> Work instructions
Only the lines from the one containing "this 1024×1024 image." through the last line of the data are to be written out, exactly and in full.

> Data shown
═══
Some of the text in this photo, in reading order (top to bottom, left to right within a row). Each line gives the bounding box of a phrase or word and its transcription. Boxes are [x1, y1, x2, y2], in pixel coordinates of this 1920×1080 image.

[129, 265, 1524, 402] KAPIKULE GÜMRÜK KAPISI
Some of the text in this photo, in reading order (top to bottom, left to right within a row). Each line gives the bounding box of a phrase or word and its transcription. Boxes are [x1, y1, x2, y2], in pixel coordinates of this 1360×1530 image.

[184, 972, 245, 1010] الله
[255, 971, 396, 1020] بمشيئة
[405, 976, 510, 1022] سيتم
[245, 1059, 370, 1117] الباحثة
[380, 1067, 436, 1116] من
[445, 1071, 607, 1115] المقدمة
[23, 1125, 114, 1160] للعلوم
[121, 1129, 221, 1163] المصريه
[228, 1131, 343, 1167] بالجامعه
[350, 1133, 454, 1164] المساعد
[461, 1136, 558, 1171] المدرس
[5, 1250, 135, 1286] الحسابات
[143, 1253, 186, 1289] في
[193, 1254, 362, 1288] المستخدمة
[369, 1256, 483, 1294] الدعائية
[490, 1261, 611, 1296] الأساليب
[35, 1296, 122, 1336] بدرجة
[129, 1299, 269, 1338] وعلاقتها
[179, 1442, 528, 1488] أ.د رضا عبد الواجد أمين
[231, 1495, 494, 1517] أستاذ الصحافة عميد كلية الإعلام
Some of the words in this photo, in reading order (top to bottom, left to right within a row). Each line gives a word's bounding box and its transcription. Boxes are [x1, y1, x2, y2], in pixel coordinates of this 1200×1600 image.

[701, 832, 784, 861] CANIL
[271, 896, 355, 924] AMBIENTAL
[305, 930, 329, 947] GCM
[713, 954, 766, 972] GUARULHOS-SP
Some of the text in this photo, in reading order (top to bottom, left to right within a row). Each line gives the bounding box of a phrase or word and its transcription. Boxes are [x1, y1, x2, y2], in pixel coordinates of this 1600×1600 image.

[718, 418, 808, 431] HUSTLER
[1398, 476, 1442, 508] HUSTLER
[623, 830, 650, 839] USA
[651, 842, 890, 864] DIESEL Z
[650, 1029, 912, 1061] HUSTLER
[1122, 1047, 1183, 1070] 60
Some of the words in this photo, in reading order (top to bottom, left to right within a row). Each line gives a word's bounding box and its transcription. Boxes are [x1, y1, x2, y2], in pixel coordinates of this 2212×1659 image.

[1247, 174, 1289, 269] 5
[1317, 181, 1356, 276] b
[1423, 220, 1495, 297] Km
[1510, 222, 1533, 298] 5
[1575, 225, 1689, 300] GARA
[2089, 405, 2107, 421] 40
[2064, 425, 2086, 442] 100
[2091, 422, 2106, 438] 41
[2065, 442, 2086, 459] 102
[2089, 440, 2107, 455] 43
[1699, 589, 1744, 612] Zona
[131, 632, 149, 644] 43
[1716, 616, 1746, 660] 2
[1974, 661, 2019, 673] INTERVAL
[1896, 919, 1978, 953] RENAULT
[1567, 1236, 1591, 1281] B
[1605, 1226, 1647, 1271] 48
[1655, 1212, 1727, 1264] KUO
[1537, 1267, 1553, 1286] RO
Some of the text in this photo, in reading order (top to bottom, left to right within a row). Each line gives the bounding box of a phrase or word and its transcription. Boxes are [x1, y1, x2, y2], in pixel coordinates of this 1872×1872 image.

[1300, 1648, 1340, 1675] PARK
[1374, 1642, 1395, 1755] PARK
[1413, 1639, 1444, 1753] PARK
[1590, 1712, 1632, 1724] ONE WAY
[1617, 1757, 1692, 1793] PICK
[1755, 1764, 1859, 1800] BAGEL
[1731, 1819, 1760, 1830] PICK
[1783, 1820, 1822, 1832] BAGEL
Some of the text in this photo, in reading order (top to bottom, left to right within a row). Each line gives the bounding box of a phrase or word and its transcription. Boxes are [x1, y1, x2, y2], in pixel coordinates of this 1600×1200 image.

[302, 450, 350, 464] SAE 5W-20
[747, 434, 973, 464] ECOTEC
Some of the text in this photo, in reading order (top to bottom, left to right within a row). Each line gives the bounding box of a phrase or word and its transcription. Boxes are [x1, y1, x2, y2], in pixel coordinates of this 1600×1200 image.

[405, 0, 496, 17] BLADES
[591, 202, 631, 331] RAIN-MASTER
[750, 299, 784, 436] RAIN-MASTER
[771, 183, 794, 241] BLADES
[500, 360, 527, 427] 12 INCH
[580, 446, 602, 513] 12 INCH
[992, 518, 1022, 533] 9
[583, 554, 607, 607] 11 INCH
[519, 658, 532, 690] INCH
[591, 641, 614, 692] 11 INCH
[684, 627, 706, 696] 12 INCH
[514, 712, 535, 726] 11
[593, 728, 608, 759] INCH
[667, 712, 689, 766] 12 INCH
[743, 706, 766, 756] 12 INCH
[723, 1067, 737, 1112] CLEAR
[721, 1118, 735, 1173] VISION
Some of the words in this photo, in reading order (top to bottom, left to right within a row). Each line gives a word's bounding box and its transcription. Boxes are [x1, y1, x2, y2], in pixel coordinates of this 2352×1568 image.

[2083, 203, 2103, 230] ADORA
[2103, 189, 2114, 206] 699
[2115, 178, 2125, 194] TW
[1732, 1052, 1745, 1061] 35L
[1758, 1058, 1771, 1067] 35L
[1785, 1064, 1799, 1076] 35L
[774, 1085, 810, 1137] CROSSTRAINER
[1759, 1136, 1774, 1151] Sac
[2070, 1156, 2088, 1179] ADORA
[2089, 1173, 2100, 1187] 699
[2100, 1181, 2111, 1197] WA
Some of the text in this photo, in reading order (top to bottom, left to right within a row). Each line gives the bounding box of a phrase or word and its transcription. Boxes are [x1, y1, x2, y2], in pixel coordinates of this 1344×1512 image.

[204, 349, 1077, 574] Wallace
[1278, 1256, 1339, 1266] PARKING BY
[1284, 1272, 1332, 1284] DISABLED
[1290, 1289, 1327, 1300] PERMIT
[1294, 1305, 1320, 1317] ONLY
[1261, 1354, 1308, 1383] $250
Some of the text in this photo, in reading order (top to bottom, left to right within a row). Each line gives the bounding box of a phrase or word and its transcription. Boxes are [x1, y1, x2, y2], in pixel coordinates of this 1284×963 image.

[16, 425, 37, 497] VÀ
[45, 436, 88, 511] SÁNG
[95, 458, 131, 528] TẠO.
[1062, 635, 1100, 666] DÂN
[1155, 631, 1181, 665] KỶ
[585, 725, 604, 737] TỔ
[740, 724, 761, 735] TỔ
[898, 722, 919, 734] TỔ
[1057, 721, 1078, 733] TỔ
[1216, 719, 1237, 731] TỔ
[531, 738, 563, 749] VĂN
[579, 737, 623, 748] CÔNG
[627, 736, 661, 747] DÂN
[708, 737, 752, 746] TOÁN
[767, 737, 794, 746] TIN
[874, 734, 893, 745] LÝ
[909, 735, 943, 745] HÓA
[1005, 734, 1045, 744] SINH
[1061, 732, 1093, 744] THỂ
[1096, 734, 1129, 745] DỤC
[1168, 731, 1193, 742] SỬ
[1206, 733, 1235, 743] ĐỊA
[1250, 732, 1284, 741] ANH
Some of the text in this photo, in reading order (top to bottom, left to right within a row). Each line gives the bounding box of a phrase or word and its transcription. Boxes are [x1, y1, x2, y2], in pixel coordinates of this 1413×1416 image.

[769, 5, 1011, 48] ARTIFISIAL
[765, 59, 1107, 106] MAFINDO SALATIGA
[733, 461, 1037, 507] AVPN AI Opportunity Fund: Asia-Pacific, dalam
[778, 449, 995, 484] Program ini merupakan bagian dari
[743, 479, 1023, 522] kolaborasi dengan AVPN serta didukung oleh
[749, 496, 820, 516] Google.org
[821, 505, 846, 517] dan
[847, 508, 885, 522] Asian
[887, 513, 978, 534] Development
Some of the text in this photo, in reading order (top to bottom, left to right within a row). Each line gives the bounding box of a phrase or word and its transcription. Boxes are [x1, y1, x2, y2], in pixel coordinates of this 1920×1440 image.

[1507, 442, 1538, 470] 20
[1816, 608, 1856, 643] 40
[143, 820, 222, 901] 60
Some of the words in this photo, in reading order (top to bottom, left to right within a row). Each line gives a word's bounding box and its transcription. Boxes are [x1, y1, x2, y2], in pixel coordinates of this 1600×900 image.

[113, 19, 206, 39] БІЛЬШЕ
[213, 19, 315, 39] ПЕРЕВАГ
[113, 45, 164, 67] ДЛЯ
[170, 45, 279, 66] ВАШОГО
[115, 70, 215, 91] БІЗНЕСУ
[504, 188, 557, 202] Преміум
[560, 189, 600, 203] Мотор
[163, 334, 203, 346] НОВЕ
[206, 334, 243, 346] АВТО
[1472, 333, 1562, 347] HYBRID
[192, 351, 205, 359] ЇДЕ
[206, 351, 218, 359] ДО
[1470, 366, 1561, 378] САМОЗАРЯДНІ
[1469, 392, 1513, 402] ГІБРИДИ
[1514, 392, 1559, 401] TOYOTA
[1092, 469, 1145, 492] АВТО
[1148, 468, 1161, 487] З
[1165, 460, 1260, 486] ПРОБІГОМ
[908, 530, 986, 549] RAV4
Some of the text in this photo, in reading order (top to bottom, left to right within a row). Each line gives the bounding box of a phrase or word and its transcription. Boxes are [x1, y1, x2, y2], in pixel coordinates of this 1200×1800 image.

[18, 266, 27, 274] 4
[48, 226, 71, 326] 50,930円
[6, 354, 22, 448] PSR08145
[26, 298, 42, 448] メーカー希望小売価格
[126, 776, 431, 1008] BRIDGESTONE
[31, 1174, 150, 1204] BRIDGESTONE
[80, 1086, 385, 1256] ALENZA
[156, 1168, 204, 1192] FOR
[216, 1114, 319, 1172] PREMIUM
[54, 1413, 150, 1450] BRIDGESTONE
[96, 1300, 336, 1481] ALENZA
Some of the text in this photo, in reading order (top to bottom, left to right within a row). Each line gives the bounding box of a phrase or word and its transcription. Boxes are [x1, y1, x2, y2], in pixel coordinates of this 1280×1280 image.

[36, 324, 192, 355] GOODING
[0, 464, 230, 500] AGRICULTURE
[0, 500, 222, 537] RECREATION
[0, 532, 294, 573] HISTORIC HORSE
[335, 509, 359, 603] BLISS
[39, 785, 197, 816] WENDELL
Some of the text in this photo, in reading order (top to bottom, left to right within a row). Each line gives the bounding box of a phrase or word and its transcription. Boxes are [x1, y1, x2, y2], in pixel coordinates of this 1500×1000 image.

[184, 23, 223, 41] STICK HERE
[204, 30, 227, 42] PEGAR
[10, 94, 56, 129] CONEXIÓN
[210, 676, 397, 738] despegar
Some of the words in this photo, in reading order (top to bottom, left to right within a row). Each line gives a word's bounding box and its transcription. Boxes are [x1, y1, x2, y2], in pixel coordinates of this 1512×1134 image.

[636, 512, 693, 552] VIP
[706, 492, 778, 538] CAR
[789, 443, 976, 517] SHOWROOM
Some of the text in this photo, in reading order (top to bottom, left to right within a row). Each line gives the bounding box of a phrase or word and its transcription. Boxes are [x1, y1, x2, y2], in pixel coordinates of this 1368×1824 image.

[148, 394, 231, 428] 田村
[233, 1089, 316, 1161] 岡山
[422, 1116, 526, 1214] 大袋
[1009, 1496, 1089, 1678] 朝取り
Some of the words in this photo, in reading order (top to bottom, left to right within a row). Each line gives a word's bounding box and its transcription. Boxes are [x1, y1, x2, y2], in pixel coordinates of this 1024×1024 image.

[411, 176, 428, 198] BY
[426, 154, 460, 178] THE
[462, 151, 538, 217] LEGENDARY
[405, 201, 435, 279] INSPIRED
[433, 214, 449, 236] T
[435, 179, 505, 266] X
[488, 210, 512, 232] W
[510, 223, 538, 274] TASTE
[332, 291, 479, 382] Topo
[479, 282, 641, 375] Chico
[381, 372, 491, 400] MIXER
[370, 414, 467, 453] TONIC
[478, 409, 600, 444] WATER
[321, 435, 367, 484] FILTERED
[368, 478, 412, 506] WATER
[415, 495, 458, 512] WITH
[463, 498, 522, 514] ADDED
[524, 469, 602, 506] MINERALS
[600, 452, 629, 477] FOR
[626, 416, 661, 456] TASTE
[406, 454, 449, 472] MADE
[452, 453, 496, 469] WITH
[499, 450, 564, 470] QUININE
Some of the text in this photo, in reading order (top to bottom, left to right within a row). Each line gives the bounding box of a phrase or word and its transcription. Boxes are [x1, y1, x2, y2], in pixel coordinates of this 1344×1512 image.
═══
> Exercise result
Some of the words in this photo, in reading order (top to bottom, left to right within a row). Each line gives a word's bounding box and its transcription. Boxes are [x1, y1, x2, y2], in pixel coordinates of this 1024×1024 image.

[411, 176, 428, 198] BY
[426, 154, 460, 178] THE
[462, 151, 538, 217] LEGENDARY
[405, 201, 435, 279] INSPIRED
[433, 214, 449, 236] T
[435, 179, 505, 266] X
[488, 210, 512, 232] W
[510, 223, 538, 274] TASTE
[332, 291, 479, 382] Topo
[479, 282, 641, 375] Chico
[381, 372, 491, 400] MIXER
[370, 414, 467, 453] TONIC
[478, 409, 600, 444] WATER
[321, 435, 367, 484] FILTERED
[368, 478, 412, 506] WATER
[415, 495, 458, 512] WITH
[463, 498, 522, 514] ADDED
[524, 469, 602, 506] MINERALS
[600, 452, 629, 477] FOR
[626, 416, 661, 456] TASTE
[406, 454, 449, 472] MADE
[452, 453, 496, 469] WITH
[499, 450, 564, 470] QUININE
Some of the text in this photo, in reading order (top to bottom, left to right within a row). Each line gives the bounding box of a phrase or word and its transcription. Boxes are [x1, y1, x2, y2], in pixel coordinates of this 1344×1512 image.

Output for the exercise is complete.